Seth J. Baum, MD: And it costs a fortune.
Howard Weintraub, MD: Yes.
Peter Salgo, MD: What I’m hearing is, yes, these are second-line drugs and they work with maximally tolerated doses of statins. And if you’re going to be a significant distance away from your goal, adding these drugs is probably not going to get you there.
Howard Weintraub, MD: Correct.
Seth J. Baum, MD: Right.
Peter Salgo, MD: Do you understand what they’re saying? If somebody asks, “Have you tried Zetia? Have you tried cholestyramine? It’s not going to work.” Why even bother?
Gary L. Johnson, MD, MBA: I totally agree.
Peter Salgo, MD: Do you agree, too?
Jennifer Strohecker, PharmD, BCPS: Yes, absolutely. As monotherapy, they’re not going to help a patient reach their goals.
Gary L. Johnson, MD, MBA: Or if you have a long way to goal, they’re not going to reach it.

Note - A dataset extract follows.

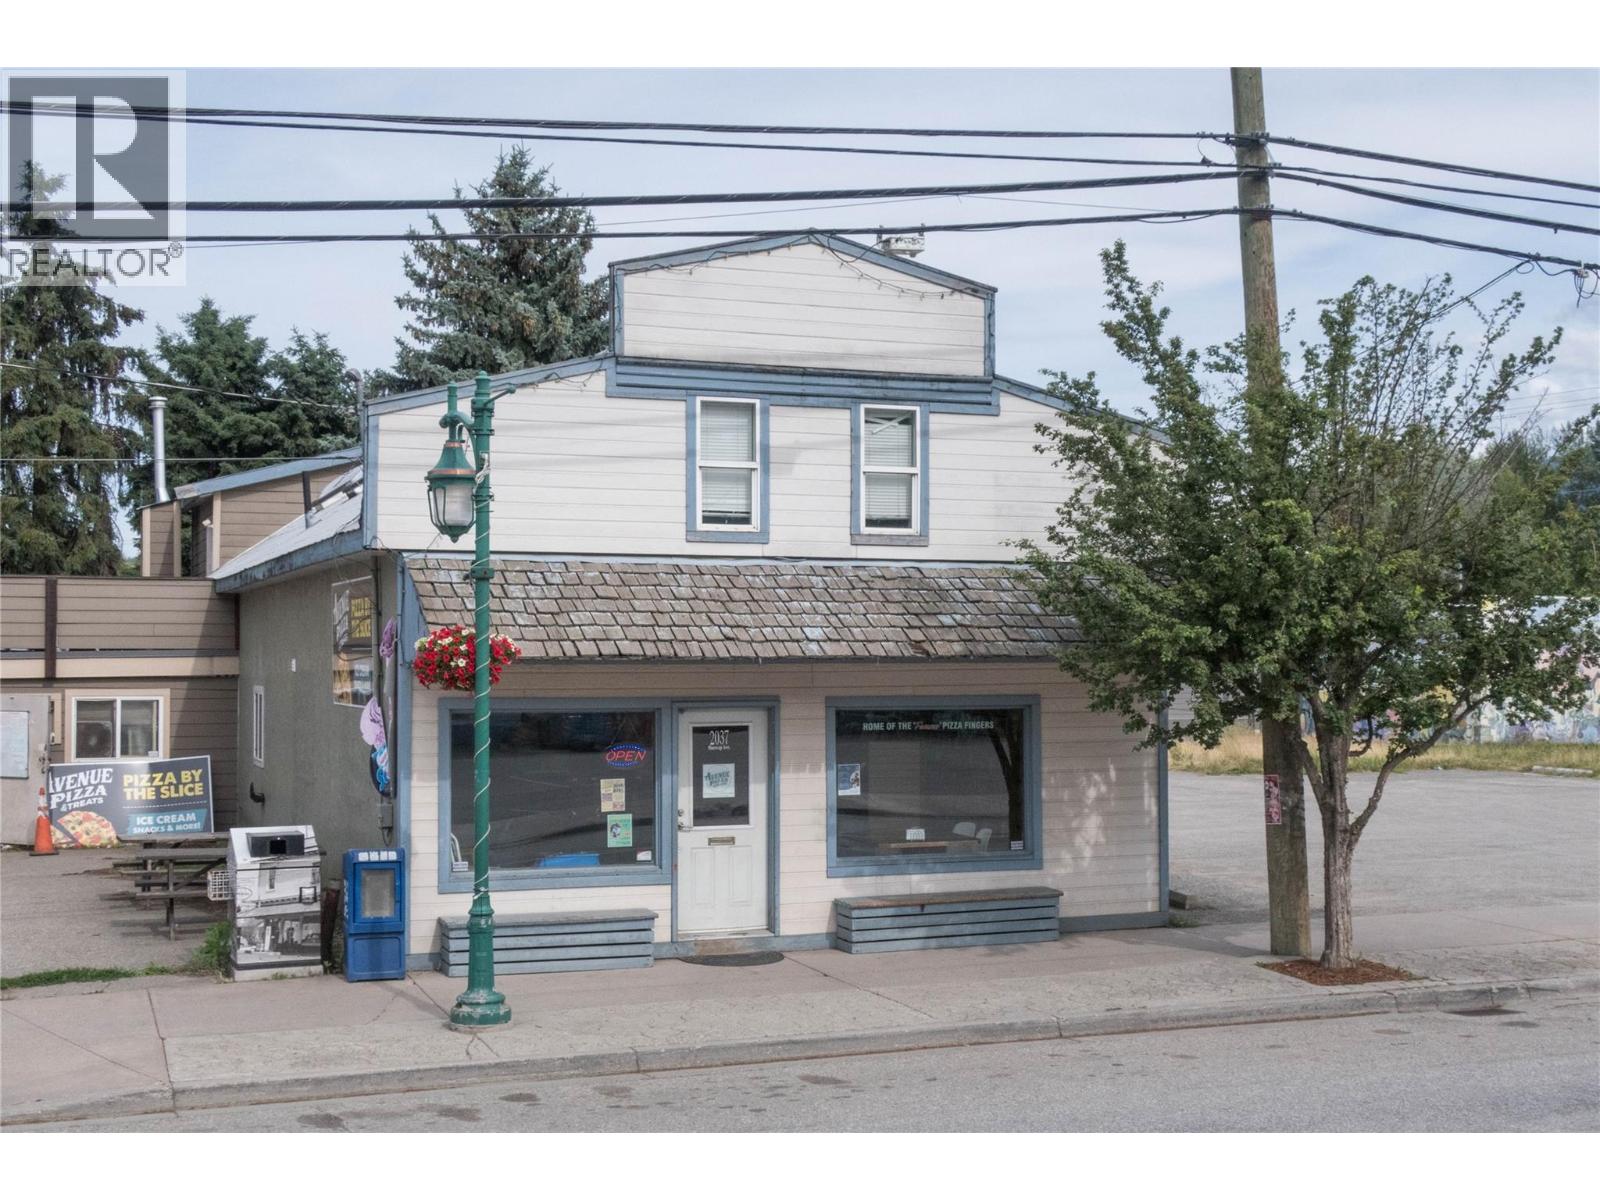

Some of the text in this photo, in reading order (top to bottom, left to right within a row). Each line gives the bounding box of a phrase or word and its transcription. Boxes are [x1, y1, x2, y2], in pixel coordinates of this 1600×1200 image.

Jennifer Strohecker, PharmD, BCPS: Yes, even as dual therapy.
Howard Weintraub, MD: I was talking more about add-ons.
Peter Salgo, MD: But even as add-ons, you’re saying if you are 30% away or 40% away, this isn’t going to get it done?
Jennifer Strohecker, PharmD, BCPS: Right.
Howard Weintraub, MD: Correct. And we’ve had letters insisting that we give them Zetia. We have to show 3 months of therapy and what numbers you get.
Jennifer Strohecker, PharmD, BCPS: Then you have to wonder who’s reviewing their PAs.
Howard Weintraub, MD: We have 1 person in the office, and just about all she does is the PAs, and she’s good.
Jennifer Strohecker, PharmD, BCPS: I’m saying within the health plan. Within the health plan, you have to wonder if the person who’s reviewing the PA is actually going through the mathematics of action.
Seth J. Baum, MD: But this problem is ubiquitous. And so, from a utilization management standpoint, there are problems in every insurance payer. And we just published an abstract at the American College of Cardiology meeting that looked at the IMS formulary, the IMS quintile database, and showed that regardless of statin dose—so high-intensity statin, use of ezetimibe, use of dual antiplatelet therapy (which is really tantamount to having vascular disease)—there is no difference between approved and denied in PCSK9 (proprotein convertase subtilisin/kexin type 9) inhibitors across the board with either of them. So, something is radically wrong in terms of how people are reviewing the PAs.